Der Roman "Die Konkurrentin" von Hans-Werner Kettenbach hat mich
enttäuscht. Da ich begeistert war von "
Davids Rache" und "Der
Pascha" hatte ich mich auch auf den neuen Kettenbach gefreut. Beschrieben
werden die Auswirkungen eines kommunalen Machtkampfes einer Frau auf deren
Familie. Lene Anweiler möchte Bürgermeisterin einer Großstadt (die
Anspielungen auf Kettenbachs Heimatstadt Köln sind vorhanden) werden. Doch
dafür muss sie zunächst von ihrer konservativen Mehrheitspartei nominiert
werden. Lene Anweiler ist als Außenseiterin eher dem gemäßigten Flügel ihrer
Partei zuzurechnen. Günther Nelles, skrupelloser Immobilienmakler, ist Kandidat
des rechten Parteiflügels. Er gilt als rücksichtslos und scheut vor üblen
Intrigen nicht zurück. Dies wird auch durch Schilderungen aus seiner
Vergangenheit verdeutlicht. Wird sich Lene durchsetzen? Welche Auswirkungen hat
der Machtkampf auf ihre Persönlichkeit? Wie wird sich die Beziehung zu ihrer
Familie gestalten? Diese Fragen stellt sich ihr wesentlich älterer Mann
Raimund, 71, Arzt im Ruhestand. Er sieht die Entwicklung mit zunehmender Sorge,
zumal er in einem Alter ist, in dem das Ruhebedürfnis wächst. Lena respektiert
seine Wärme und Anlehnung, hält ihn allerdings für unpolitisch. Kettenbach
gelingt es erneut, die "Ängste der bürgerlichen Mittelschicht"

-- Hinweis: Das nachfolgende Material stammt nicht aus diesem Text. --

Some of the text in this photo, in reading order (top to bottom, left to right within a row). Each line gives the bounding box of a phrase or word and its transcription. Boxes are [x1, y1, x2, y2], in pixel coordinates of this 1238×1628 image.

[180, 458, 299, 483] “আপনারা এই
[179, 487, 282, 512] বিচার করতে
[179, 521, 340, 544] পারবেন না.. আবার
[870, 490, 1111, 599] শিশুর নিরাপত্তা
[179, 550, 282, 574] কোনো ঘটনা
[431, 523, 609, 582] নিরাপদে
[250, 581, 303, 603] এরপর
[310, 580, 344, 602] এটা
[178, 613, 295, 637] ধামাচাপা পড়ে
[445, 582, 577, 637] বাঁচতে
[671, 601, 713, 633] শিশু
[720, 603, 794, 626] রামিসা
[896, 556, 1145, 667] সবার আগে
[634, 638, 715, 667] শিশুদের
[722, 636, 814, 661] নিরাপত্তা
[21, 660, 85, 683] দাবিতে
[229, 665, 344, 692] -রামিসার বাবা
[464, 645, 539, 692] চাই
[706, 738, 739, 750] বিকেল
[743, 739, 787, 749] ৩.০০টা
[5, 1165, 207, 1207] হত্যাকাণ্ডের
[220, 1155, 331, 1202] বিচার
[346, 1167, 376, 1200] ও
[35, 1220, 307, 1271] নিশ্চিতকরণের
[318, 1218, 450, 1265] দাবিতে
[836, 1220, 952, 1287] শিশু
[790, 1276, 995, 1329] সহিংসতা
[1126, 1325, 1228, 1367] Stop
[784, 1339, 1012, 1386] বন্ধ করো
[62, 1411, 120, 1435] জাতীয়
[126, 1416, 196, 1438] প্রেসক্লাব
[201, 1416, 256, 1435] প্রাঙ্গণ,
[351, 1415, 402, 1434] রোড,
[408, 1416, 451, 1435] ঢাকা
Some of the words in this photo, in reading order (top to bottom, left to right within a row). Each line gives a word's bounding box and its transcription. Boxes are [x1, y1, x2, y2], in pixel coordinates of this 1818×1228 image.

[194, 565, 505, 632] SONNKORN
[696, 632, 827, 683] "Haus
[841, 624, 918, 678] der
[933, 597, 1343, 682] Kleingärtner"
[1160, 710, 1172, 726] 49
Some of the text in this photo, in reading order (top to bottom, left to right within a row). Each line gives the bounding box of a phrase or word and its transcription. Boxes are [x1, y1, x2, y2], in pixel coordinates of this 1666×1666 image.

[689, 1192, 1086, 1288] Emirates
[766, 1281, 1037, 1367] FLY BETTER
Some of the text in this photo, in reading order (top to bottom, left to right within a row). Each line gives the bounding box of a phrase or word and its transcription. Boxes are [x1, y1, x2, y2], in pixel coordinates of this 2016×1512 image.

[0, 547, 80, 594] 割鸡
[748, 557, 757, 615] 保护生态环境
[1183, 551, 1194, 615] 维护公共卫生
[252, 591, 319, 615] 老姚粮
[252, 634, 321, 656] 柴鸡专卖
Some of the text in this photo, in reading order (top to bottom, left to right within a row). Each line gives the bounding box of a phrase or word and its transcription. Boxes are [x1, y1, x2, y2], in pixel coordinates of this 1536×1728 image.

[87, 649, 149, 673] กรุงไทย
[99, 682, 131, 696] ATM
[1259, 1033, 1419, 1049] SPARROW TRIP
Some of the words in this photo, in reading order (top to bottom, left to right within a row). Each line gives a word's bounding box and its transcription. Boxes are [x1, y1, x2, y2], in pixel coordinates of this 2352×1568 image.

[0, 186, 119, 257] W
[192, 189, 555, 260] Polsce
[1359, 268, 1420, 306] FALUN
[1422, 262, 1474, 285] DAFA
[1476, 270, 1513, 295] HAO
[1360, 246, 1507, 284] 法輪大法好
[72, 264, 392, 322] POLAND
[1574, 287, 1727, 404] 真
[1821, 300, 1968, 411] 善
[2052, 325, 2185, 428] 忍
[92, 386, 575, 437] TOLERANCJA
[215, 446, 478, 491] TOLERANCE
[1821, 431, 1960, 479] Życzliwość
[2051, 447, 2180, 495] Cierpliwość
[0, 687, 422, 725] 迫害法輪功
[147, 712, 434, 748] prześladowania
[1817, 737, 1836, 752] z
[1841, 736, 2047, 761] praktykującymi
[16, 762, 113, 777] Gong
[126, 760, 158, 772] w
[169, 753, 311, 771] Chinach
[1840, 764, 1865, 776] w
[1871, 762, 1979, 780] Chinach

plausibel darzustellen. ähnlich wie Oberstudienrat Kästner in "
Davids Rache" könnte man von
Ängsten eines Spießers sprechen, die zum Teil schwer nachvollziehbar sind. Was
bei Kästner in dem anderen Buch allerdings in Verfolgungswahn ausartet, wirkt
hier plausibler und weniger aufgesetzt. Die Sorgen Raimunds werden jedoch sehr
subtil beschrieben: "Mag sein, daß das alles nur Alpträume, nur
Hirngespinste sind", lässt Kettenbach seinen Protagonisten auf S. 145 der
gebundenen Ausgabe aussprechen. "Aber darauf kann ich mich nicht verlassen.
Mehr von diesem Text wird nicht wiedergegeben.